La aparición de Cecilia Bolocco en Betty, la fea proporcionó la respuesta. Una respuesta inesperada, como lo son las de la existencia misma, pero también antigua, repetida. Aquellas propagandas imaginadas por Apold (y copiadas de Goebbels). Un obrero sin pan ni trabajo penaba en su sombría habitación. De pronto se hacía la luz y entraba Evita en traje de hada. Entonces el obrero tendía la mano hacia la celestial presencia, que le ofrecía la suya. Y colorín colorado, había pan, trabajo y, para la nena, un vestidito de organdí.
Pues con Betty, tal cual.

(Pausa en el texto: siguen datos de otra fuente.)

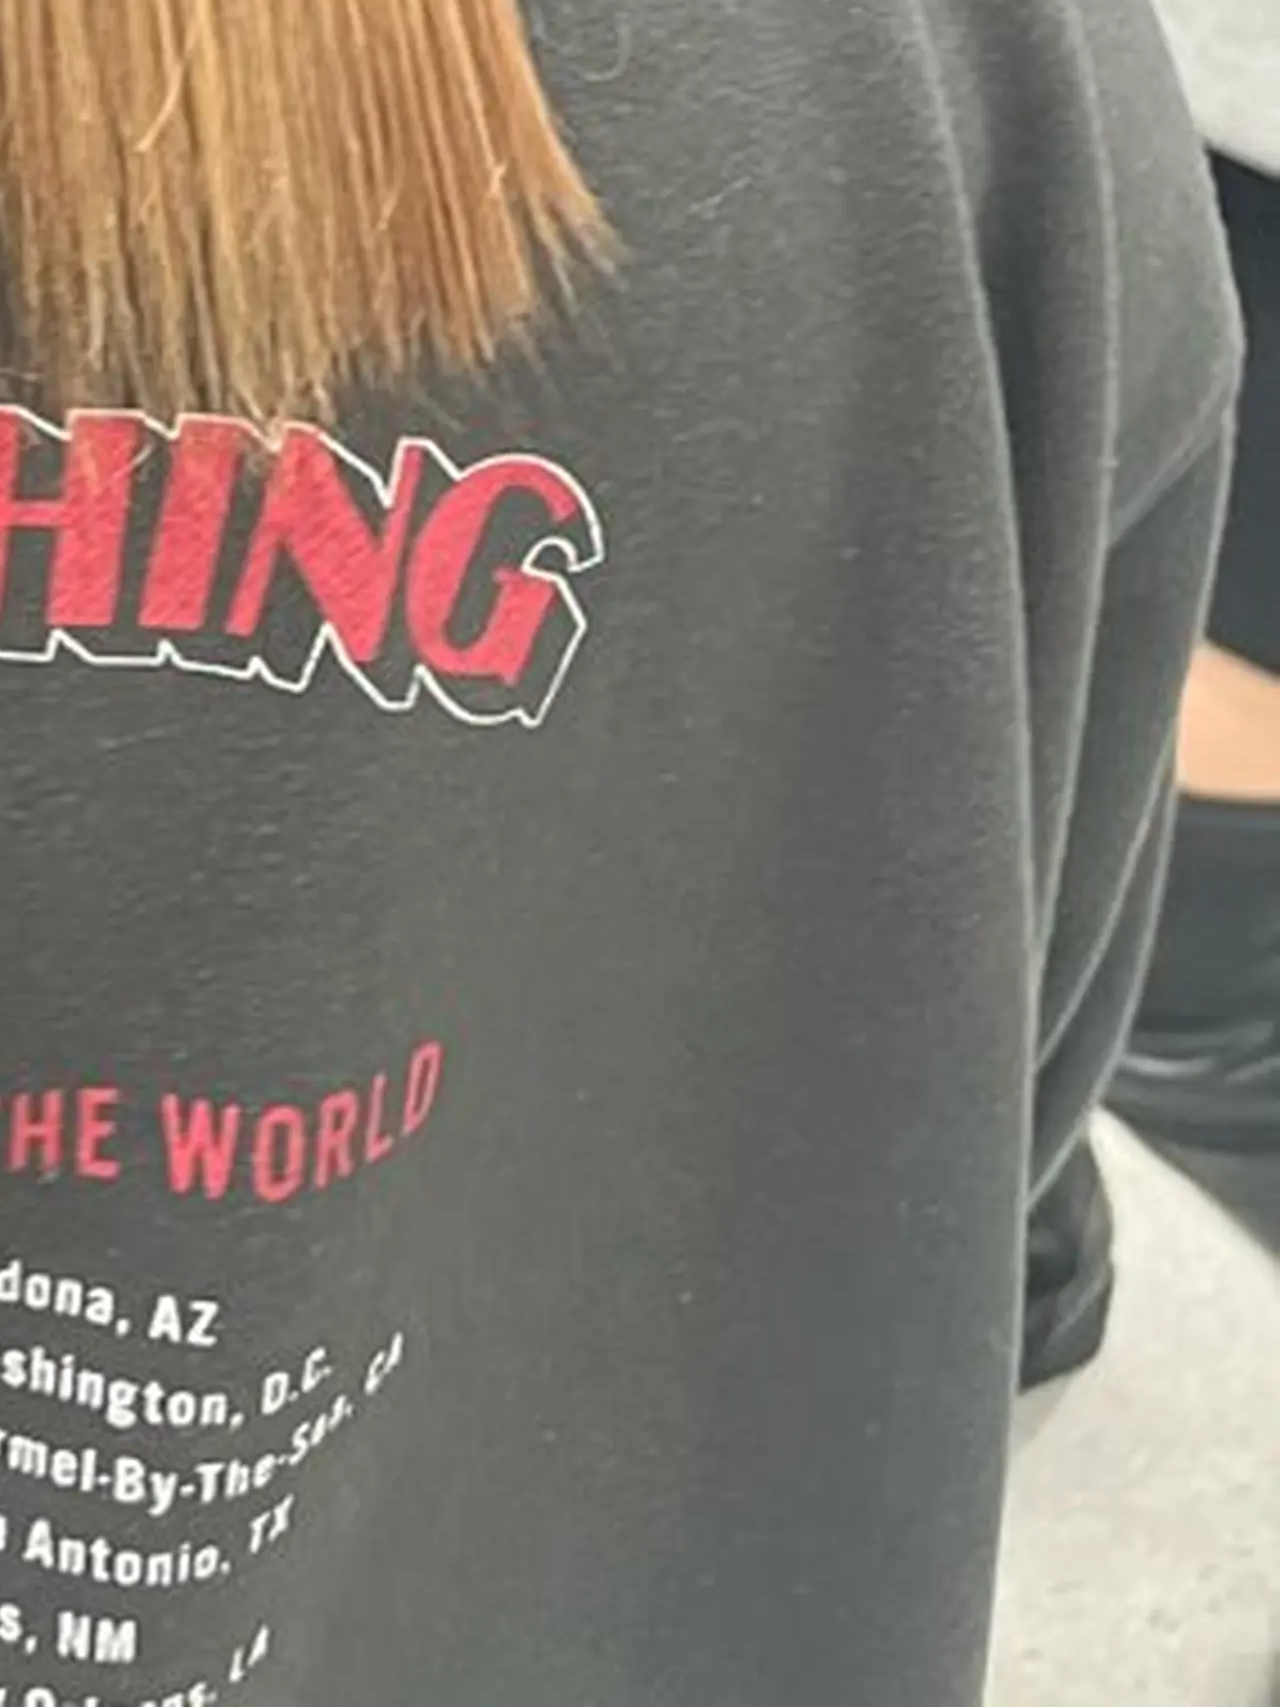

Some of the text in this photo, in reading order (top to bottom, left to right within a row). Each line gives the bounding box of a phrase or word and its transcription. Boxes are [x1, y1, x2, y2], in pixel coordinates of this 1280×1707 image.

[159, 1039, 443, 1204] WORLD
[148, 1295, 220, 1347] AZ
[57, 1610, 138, 1664] NM

La enamorada secretaria acaba de enterarse de que el jefe la requiere por interés. El peso de la verdad se abate sobre su cabeza. A ella no pueden amarla porque es horrorosa. Basta de vanas ilusiones. Cuando se oye un coro de voces femeninas exaltadas hasta la histeria: "¡Es ella! ¡Cecilia Bolocco! ¡Miss Universo! ¡La señora de Menem!" Y Bolocco surge blanca y radiante en la oficina de Betty. Es demasiada belleza. "Usted que es tan linda nunca me entenderá", solloza quedamente la morocha fulera, aceptando su sino de esperpento como aquella otra del tango que decía: Procurando que el mundo no la vea/ahí va la pobre fea/ camino del taller. "Al contrario -responde con dulzura esta señora de dimensión latinoamericana-. Yo sé lo que me ha costado conseguir lo que tengo. Permítame ayudarla."

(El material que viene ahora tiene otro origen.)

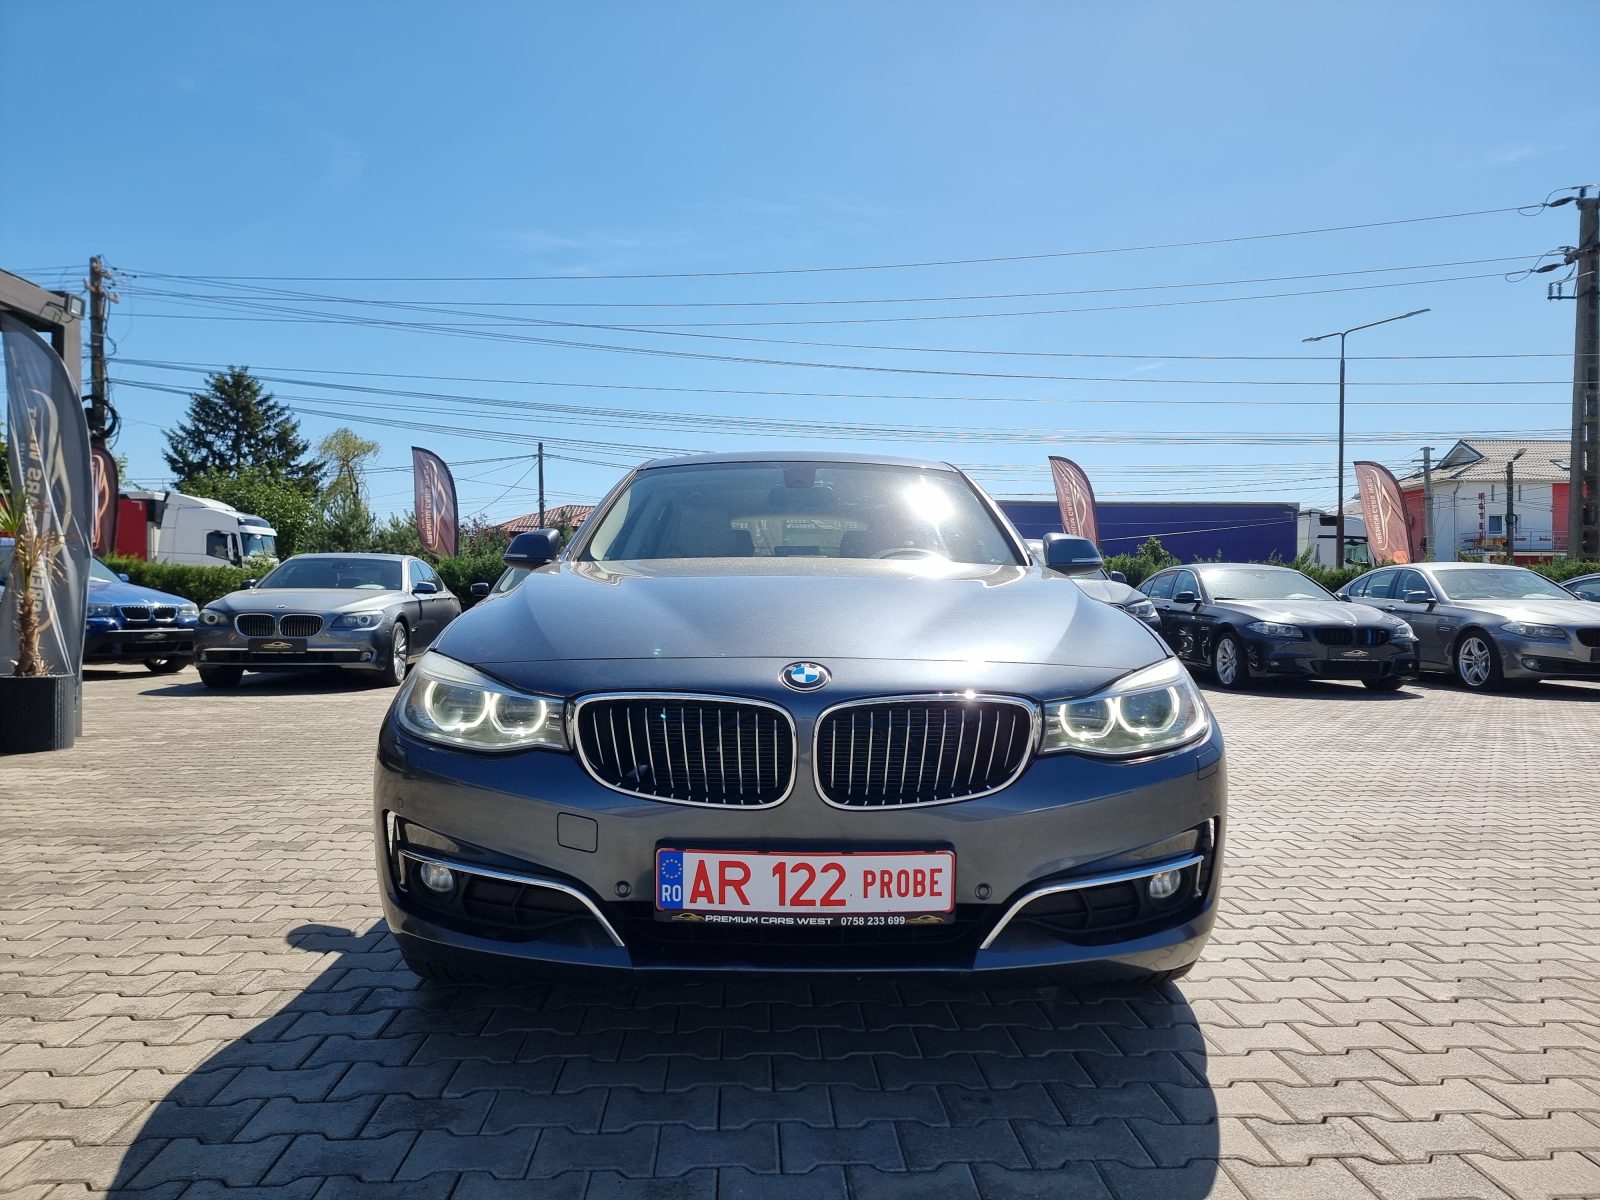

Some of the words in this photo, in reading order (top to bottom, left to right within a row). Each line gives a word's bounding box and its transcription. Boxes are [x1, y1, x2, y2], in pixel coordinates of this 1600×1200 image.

[689, 859, 752, 906] AR
[772, 862, 847, 907] 122
[863, 868, 943, 899] PROBE
[661, 884, 682, 902] RO
[705, 914, 758, 924] PREMIUM
[760, 917, 794, 925] CARS
[796, 917, 834, 925] WEST
[840, 916, 865, 926] 0758
[867, 916, 885, 926] 233
[887, 916, 906, 925] 699

Betty, la fea aún no ha concluído. Supongo que se irá estirando hasta por lo menos el final de la rehabilitación del peroné. Pero el mensaje exigido por mi arrogante nieta ya está. Ya lo tenemos. Betty somos nosotros, usted, yo, cualquiera, en la Argentina, Chile o Colombia. Toda una vasta tierra oculta tras su flequillo alquitranado, tras su irremediable fealdad. No, irremediable no: urgida de una mano tan alba como abierta, y de una voz que le diga: "Tú puedes. Sígueme y serás hermosa".

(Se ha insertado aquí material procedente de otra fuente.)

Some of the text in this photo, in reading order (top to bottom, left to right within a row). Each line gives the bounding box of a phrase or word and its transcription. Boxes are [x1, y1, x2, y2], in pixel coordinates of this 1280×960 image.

No hay accidentes casuales. Se necesitaba un hueso roto para llegar a entenderlo. Radioteatro, telenovela. La historia tiene su lógica y, pese a las fracturas, su misteriosa permanencia. Ahora sólo resta esperar las cremas de limpieza que nos aseguren el blanqueo, con perdón de la palabra, de nuestra oscura piel.